This went on for many years with no consequences. But in 1961, my family went to Europe and went to London among many places. As it happened, Uncle Gus was home visiting his parents (he lived in California at the time). At one point, something was said that one of us children (aged 10 to 19) did not understand, so we said, "Uncle Gus, what do you mean?" His parents looked at their son and then at us. He had apparently never told his parents what his name had been in the U.S. or at least for those who had known him at the school and after.
Thanks to Howland Davis
Names in my family have always been changeable, mine included. In first grade, some kid in school did something wrong, so all the Michaels were called in to the principals' office. That was enough for me, so when I got home that afternoon, I announced that I was going to go by my middle name, Jordan. I used that, shortened to Jordi, until I went into the Air Force, and have used Michael, mostly, ever since. My dad used Robert, Bob, Delmar, Del at various times throughout his life. His mom called him Delmer, with her Woodland, California accent. My aunt went by Dorothy, Lucky, Irene, Lee, Bunky and maybe others that I'm not sure of. My mother did the same. Her mother was not married when each of her children were born of at least three different fathers, so her name came from her grandfather. She was Lily Evenda Soper, but on her different marriage licenses she listed her maiden name as Lily Andrews or Lily Soper, getting the Andrews from her grandfather's first name Andrew.

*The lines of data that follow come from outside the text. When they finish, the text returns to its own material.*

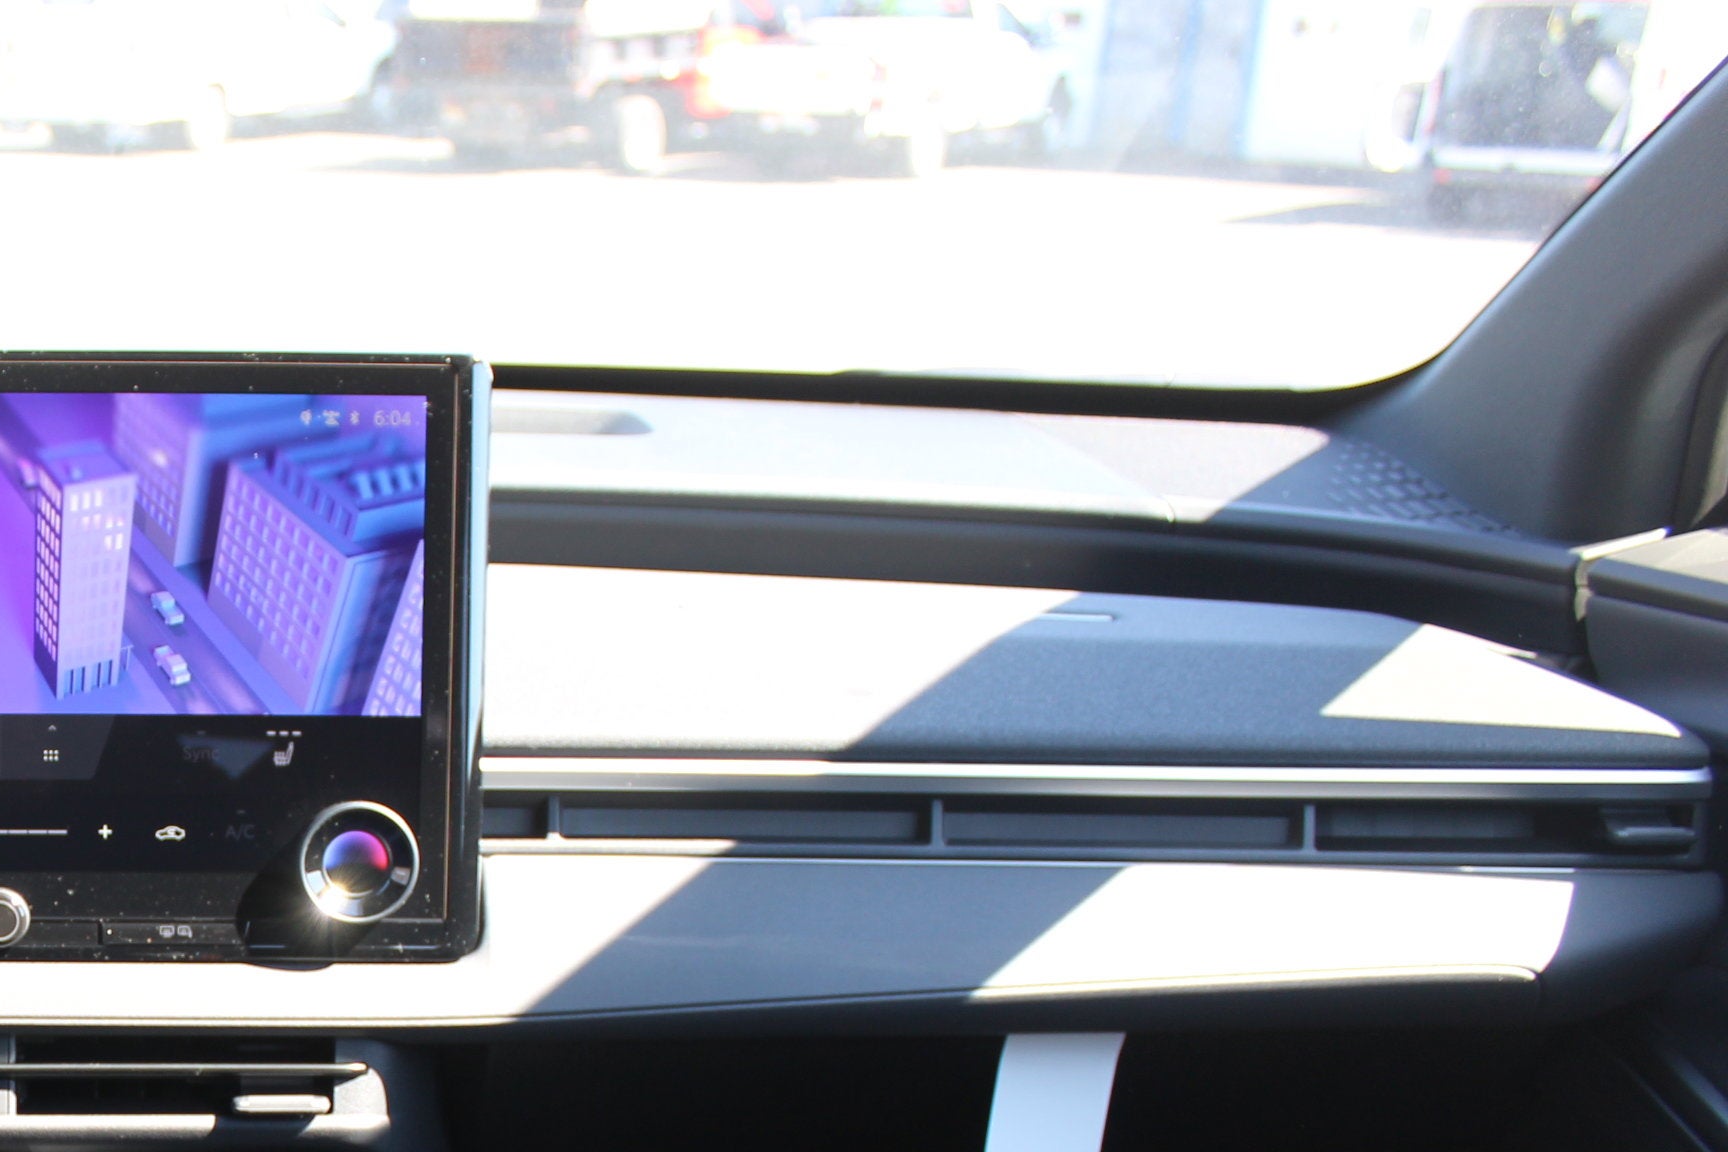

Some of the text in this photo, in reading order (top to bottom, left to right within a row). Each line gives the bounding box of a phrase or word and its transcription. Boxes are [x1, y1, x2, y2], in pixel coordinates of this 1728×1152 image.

[373, 410, 412, 427] 6:04
[183, 747, 221, 763] Sync
[225, 824, 256, 840] A/C
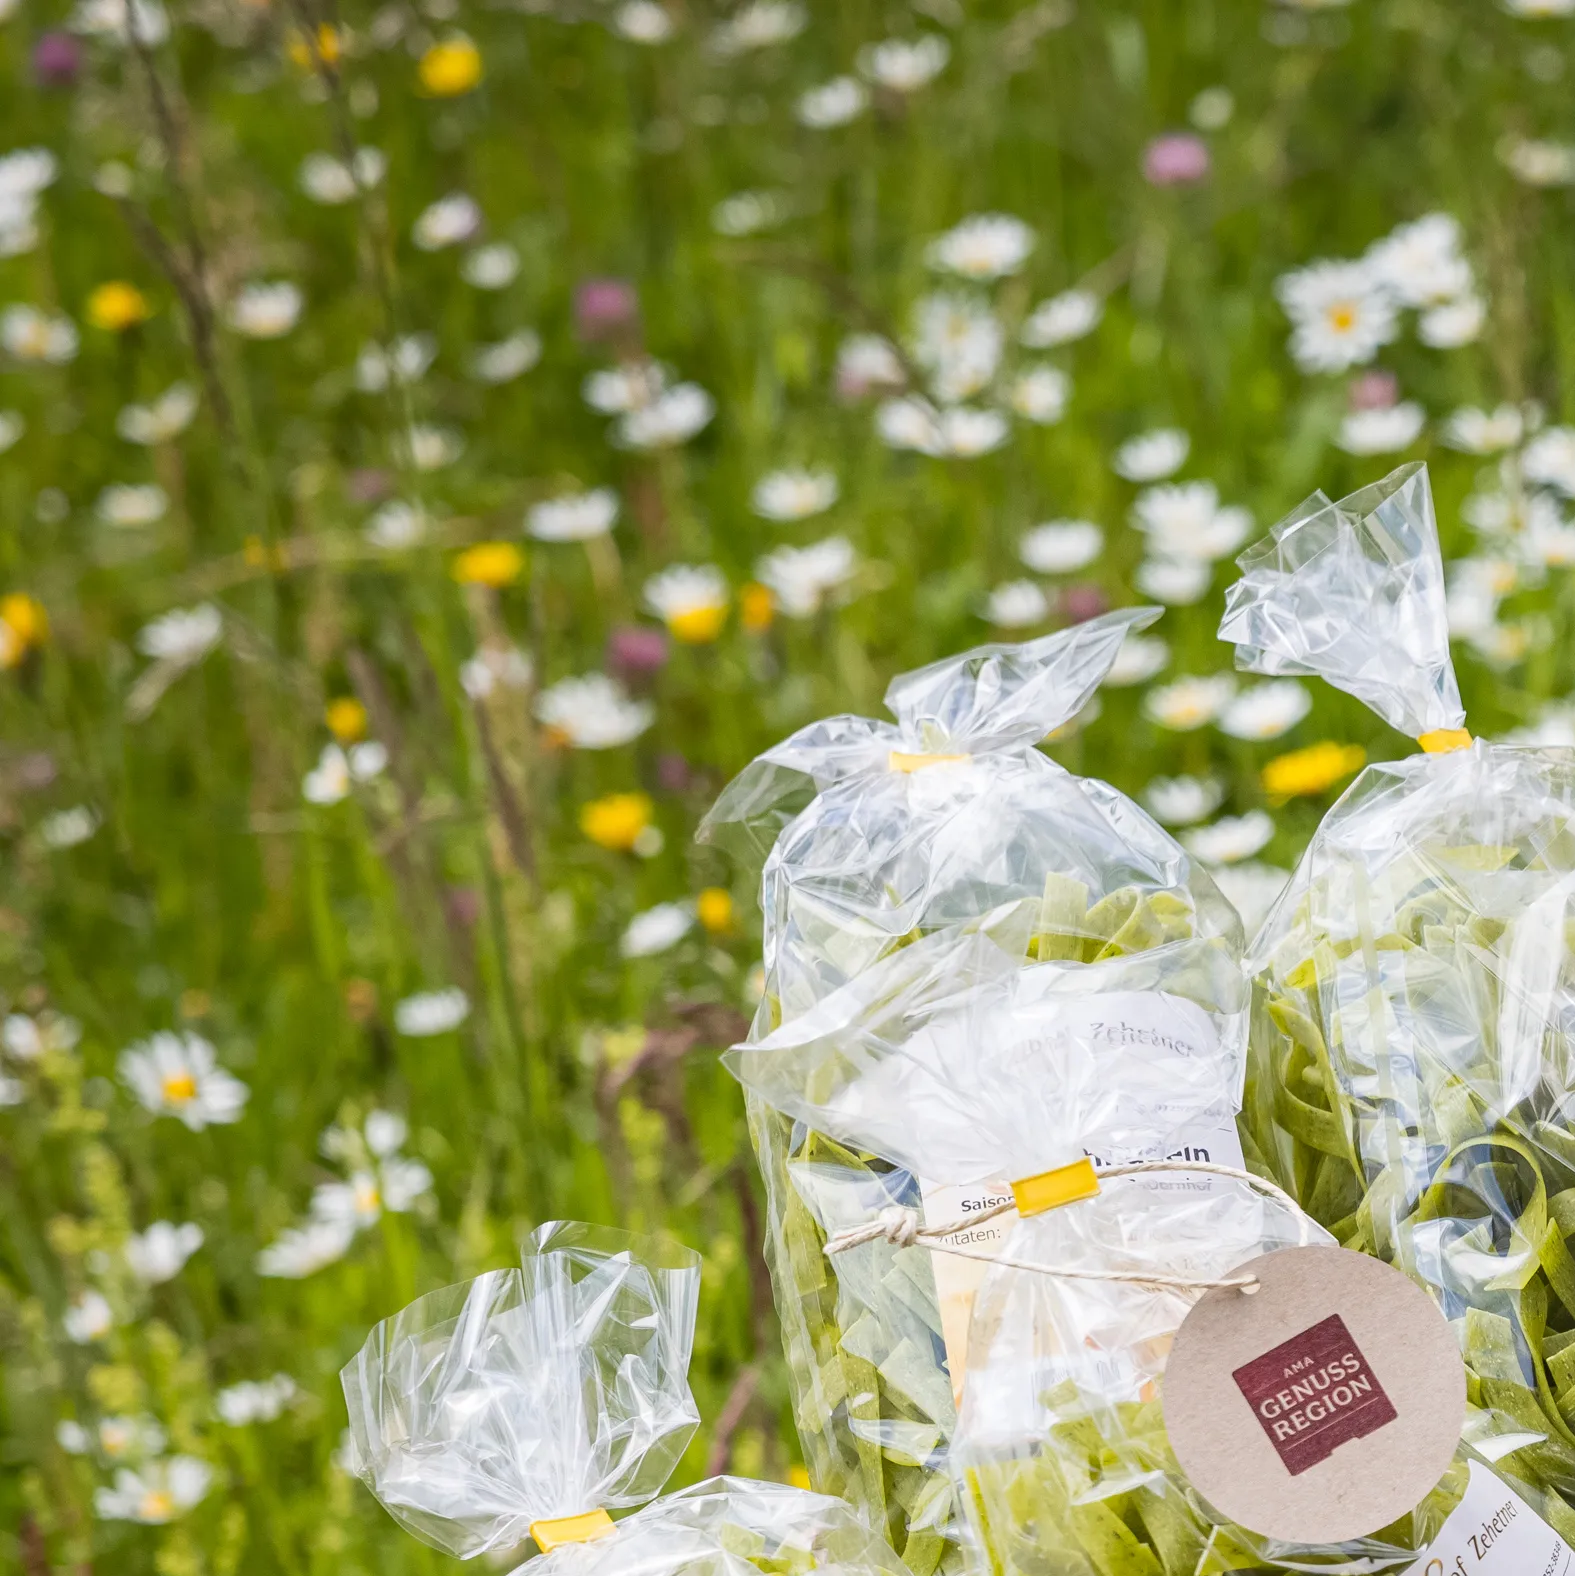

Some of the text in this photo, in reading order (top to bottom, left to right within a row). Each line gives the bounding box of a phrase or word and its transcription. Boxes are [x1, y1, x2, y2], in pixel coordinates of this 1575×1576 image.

[1260, 1353, 1360, 1419] GENUSS
[1283, 1356, 1314, 1378] AMA
[1272, 1374, 1373, 1441] REGION
[1467, 1500, 1519, 1561] Zehetner
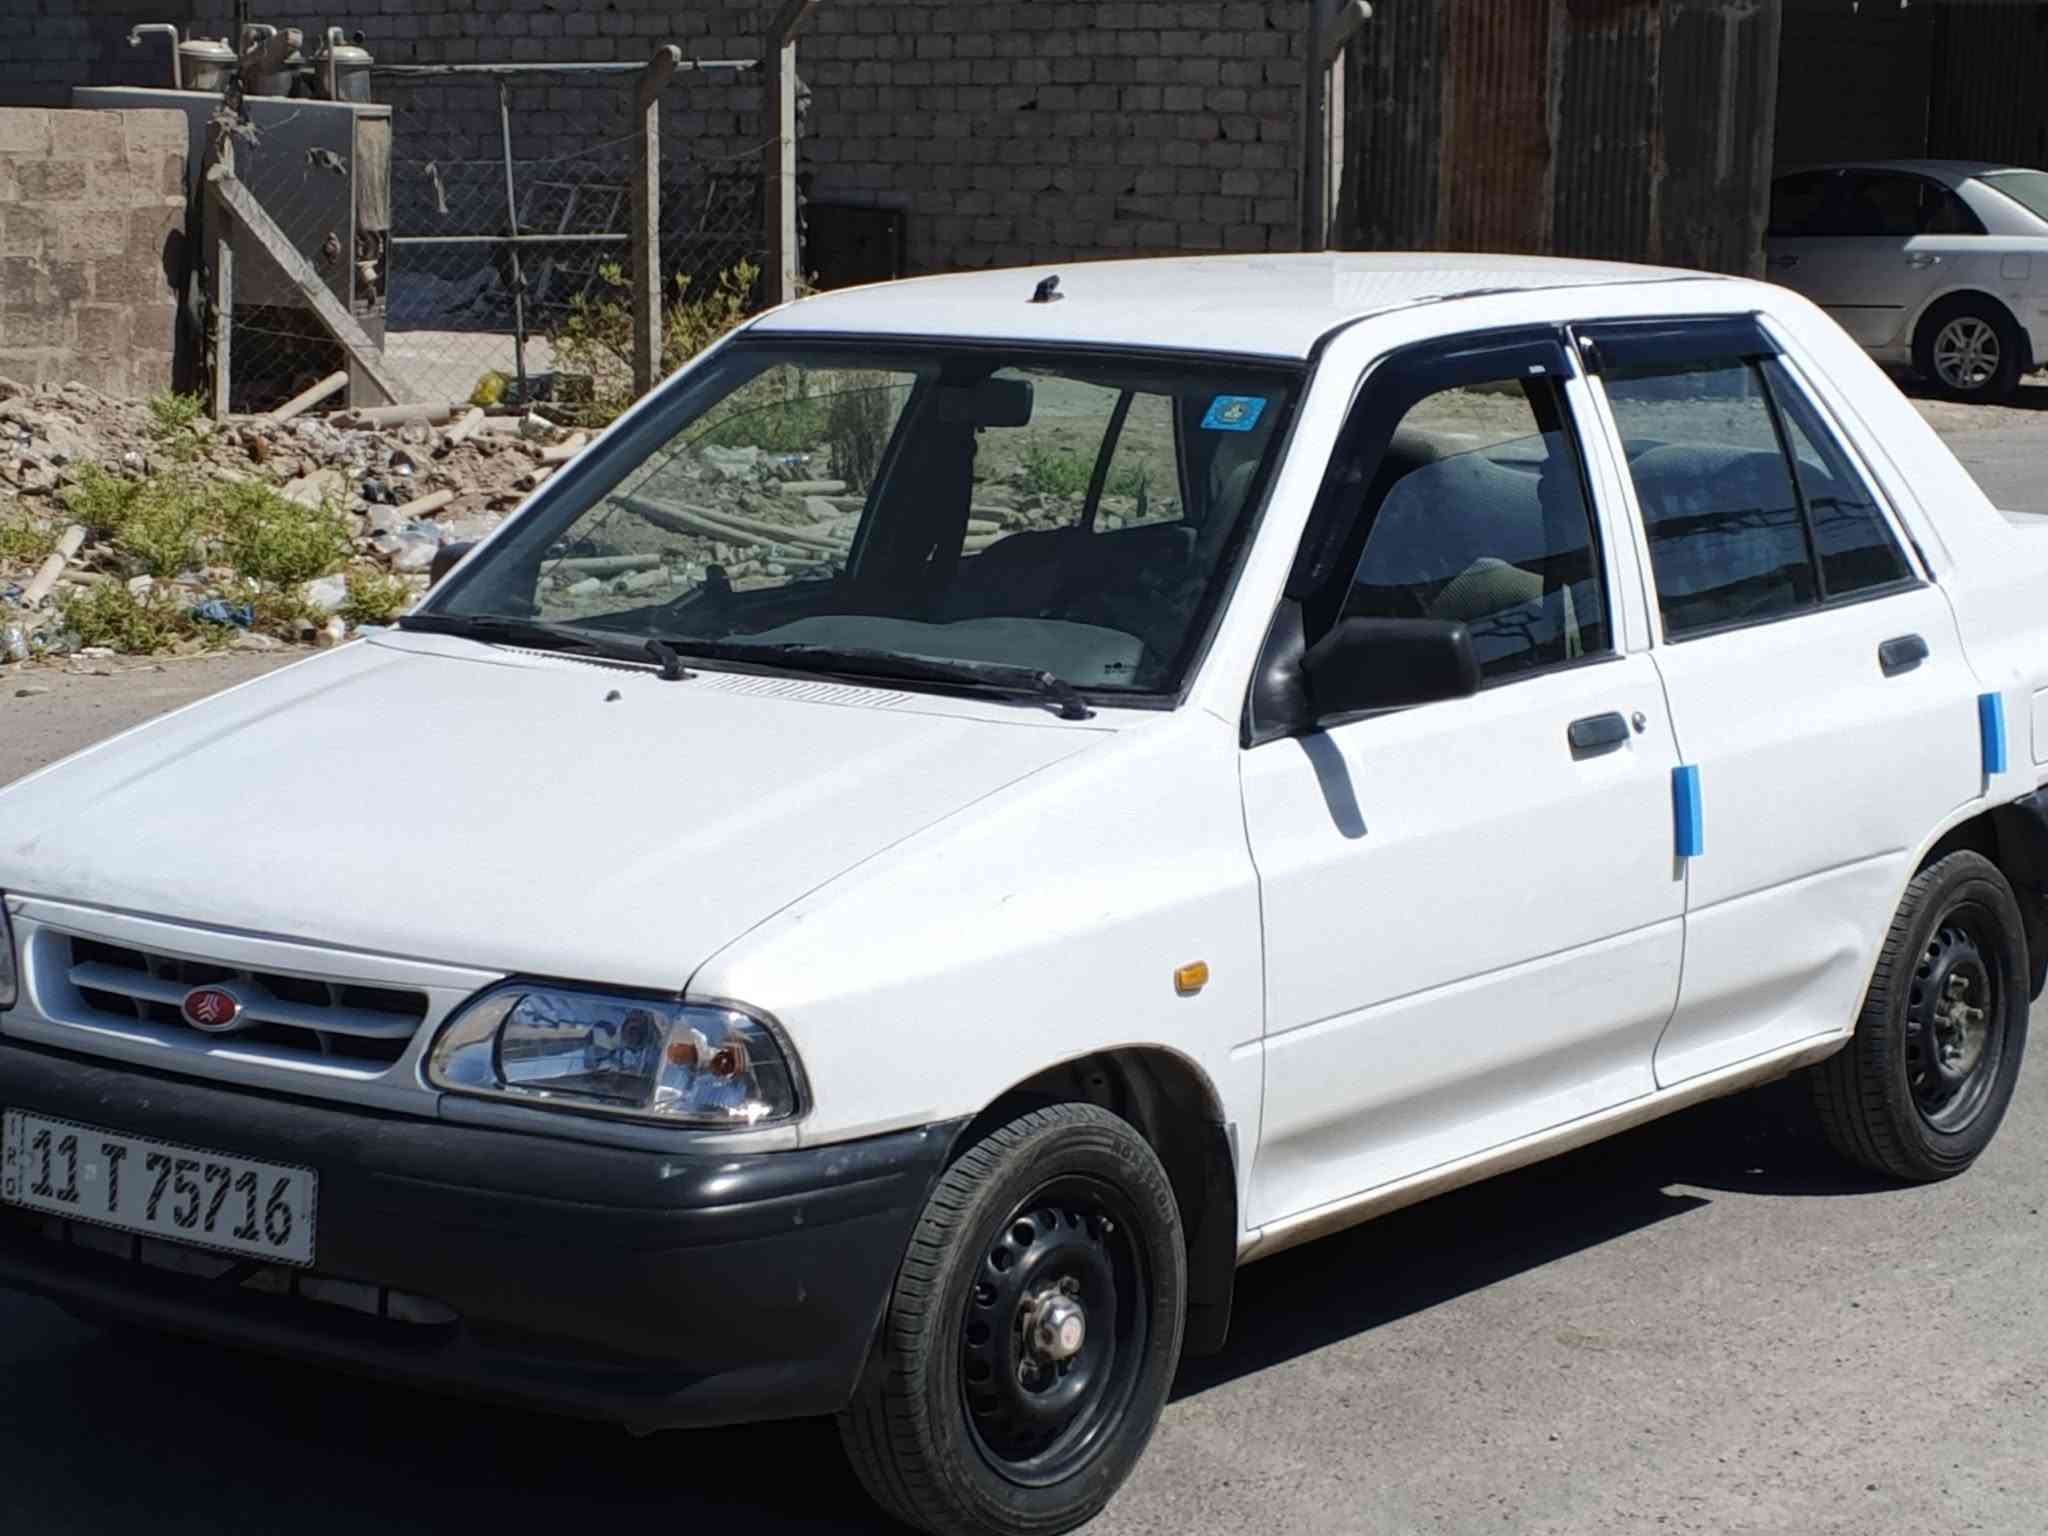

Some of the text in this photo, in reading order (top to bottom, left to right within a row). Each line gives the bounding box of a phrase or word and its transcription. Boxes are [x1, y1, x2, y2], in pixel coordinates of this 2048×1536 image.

[31, 1129, 293, 1246] 11 T 75716

The main reason for this note is the name of my grandfather, Robert Vernet Lee. He was born in 1898 in Alameda, CA, the third youngest of 21 children. Some family members had been in California since the gold rush. His grandfather, Abner Lee, had died during the war in Andersonville. As a northern family with a number of civil war veterans, names were important.
When Robert was born, his mother named him ROBERT LEE. That was not acceptable to the family and one of his uncles declared that no nephew of his would carry that name, so he stated that the name would be VERNET, after one of his old friends. Therefore, my grandfather was not ever called Robert. Vernet was his name. He worked as an engineer for Southern Pacific all his life, and only when he retired and had to provide his birth certificate did he find out that his real name was not Vernet. It was never in his records, including Social Security. He always had gone by R.V. Lee, using Vernet.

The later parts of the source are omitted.